Dorothy Ayer Gardner King Ford (February 27, 1892 – September 17, 1967) was the mother of U.S. President Gerald Ford.

Early life and marriage

Dorothy Ayer Gardner was born in the small town of Harvard, Illinois to Levi Addison Gardner, a businessman and one-time mayor, and Adele Augusta (Ayer) Gardner.

There she married her first husband, wool trader Leslie Lynch King of Omaha, Nebraska, on September 7, 1912. She met him while she was in college, as he was the charming brother of her roommate.

The couple returned to Omaha, King's home. They lived at first with his parents at their  Victorian mansion at 3202 Woolworth Avenue. His parents were wealthy banker and businessman Charles Henry King and the former Martha Alicia Porter, both from Fayette County, Pennsylvania.

Dorothy and Leslie King's son was born on July 14, 1913. They named him Leslie Lynch King Jr. Soon after her marriage, Dorothy discovered that her husband was abusive. In Omaha she further discovered he was a liar and alcoholic, but she was soon pregnant. With the support of his parents, she stayed with them and her husband until the birth of their son. After Leslie threatened her and the child with a butcher knife a few days after the birth, Gardner King completed her plans to leave her husband.

Separation and divorce
Sixteen days after the birth of her son, Dorothy Gardner King left her husband. Divorce was unusual then, but she refused to continue to risk her son's safety or her own. She took Leslie Jr. with her to the Oak Park, Illinois home of her sister Tannisse and her husband, Clarence Haskins James. From there she moved to the home of her parents, who had relocated to Grand Rapids, Michigan. That was where her son grew up.

Dorothy Gardner King quickly filed for formal separation and divorce. On December 19, 1913, an Omaha court granted a divorce to the Kings. Leslie King refused to pay child support. His father Charles Henry King paid it until shortly before his death in 1930.

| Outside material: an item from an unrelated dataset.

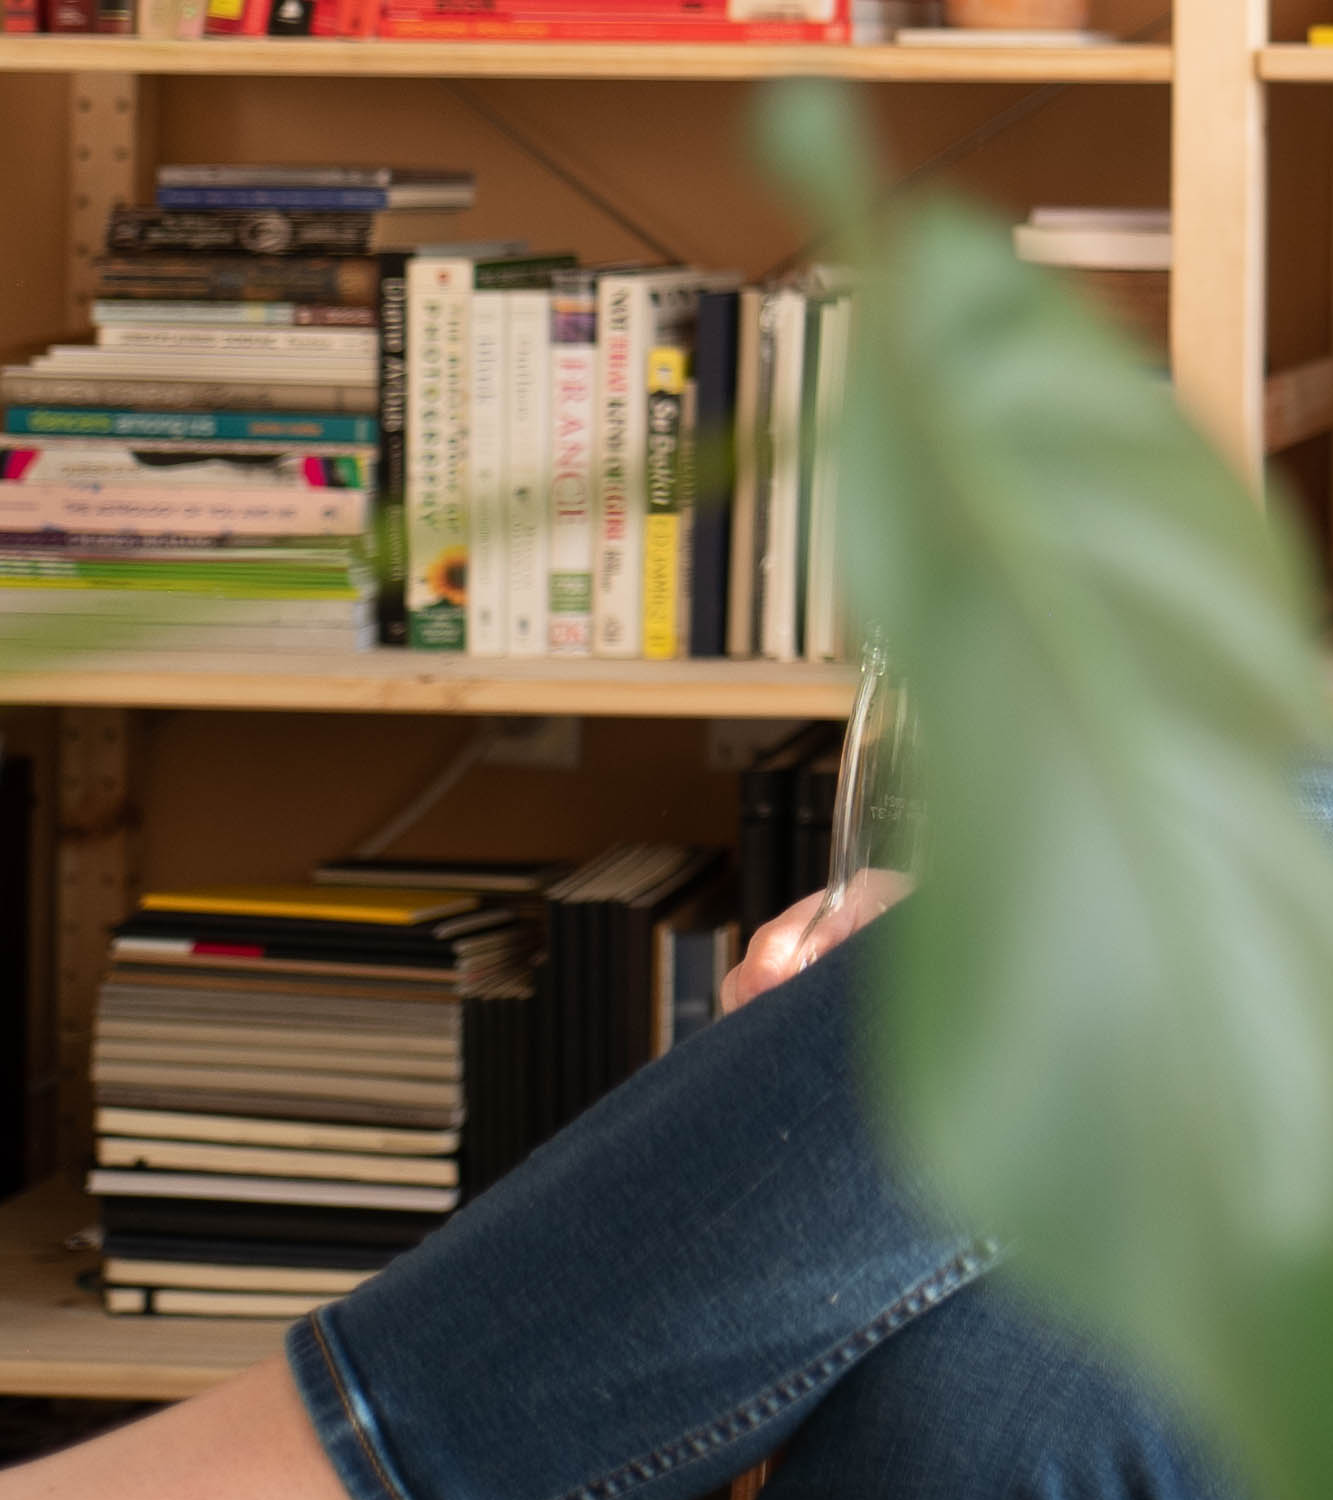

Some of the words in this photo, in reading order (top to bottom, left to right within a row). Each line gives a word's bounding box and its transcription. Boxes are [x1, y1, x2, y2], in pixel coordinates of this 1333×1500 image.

Second marriage and family
Three years later, Dorothy met Grand Rapids businessman Gerald Rudolff Ford on February 1, 1917. Then they called her first son Gerald Rudolff Ford Jr., although he was not formally adopted by Ford. Gerald Ford Jr. formally changed his name in 1935, in honor of his stepfather, the only father he really had. At the time, Ford adopted a more conventional spelling of his middle name. Later Ford recounted that his mother insisted he learn to control his temper, one he seemed to have inherited from his biological father.

Dorothy Ford bore three more sons during her second marriage: Thomas Gardner Ford (July 15, 1918 – August 28, 1995), Richard Addison Ford (June 3, 1924 – March 20, 2015), and James Francis Ford (August 11, 1927 - January 23, 2001).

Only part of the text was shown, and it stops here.